Many Bonus Points: Navigate back to your repository within your Git terminal and issue git pull command to pull now the latest changes from the GitHub website. Congrats!!
Python, VSCode and Virtual Environments#
Virtual Environments#
Throughout your Python development journey, you will end up working on multiple different projects that have their own unique demands and external dependencies (Python packages). While one-time simple prototyping may get you away with using standard Python and its pip package manager, a more robust and industry-standard workflow is by using virtual environments. Virtual environments is a way to isolate your Python package installations into separate, independent boxes. This can help you avoid dependency collisions in cases where different packages may require different versions of sub-packages, while you may not experience this is you use most mainstream packages such as Matplotlib, Pandas, Numpy, if you end up running either experimental legacy code, or using something more exotic, there may be requirements for particular versions. This is where Conda comes into play.
Conda is a virtual environment tool that has a multitude of different flavours such as Anaconda (the giant), Conda-forge (community supported packages), Miniconda (a canonical version of Anaconda), Miniforge and possibly others. The core functionality of it is the same, they just come with different preset configurations. When you install Python packages, Conda will automatically solve (cross-check) the package versions to prevent collisions and refuse to install if there is a risk of breaking your environment. Besides isolating your Python environments, Conda is also highly beneficial for managing your Python versions. Want to use Python 3.10, 3.9 or 3.12? No problem! Just specify your Python version as a parameter upon creation of your environment!
Customizations: Miniforge and Mamba#
To start off, please use this[9] guide to install your Miniconda environment.

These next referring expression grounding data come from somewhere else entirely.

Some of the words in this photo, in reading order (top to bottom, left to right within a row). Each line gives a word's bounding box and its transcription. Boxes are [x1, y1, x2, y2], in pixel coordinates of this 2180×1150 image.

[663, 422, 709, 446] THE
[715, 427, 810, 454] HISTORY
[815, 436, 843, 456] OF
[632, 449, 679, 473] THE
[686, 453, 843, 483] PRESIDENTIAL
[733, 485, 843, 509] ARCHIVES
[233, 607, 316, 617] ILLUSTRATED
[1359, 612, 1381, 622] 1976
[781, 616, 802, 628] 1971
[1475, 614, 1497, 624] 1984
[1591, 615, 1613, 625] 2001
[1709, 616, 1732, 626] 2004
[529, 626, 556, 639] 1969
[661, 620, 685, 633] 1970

Default settings will work just fine. Afterwards, if you use Mac or Linux, your Conda environment should be accessible via your standard terminal. If on Windows, search for Miniconda prompt within your search bar. Type conda –version in the terminal to cross-check that it has installed correctly. If all looks good, then continue on with the handout, otherwise try Googling and troubleshooting your problem.

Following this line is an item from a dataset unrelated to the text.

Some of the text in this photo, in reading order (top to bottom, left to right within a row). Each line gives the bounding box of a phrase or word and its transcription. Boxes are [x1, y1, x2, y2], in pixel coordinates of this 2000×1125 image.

Note: If you see a message Conda command not found after installation. Try this guide [10]. Dont forget to swap out all anaconda related things with miniconda.
Conda Base#
You can activate Conda by typing conda activate. Your terminal should afterward contain the base, see Figure 9. Base is your parent environment from which all further environments will be branched off from. Do not install packages in your base environment! Base environment should be kept clean and minimal because your development environments will be based off it, there are very rare cases when you should install packages in your base environment, one of which is covered in the next section.
Mamba#
Mamba is a C++ ported implementation of Conda which means that it is a lot faster than Miniforge. Additionally, it has an implementation for package caching, so you end up saving space on your computer.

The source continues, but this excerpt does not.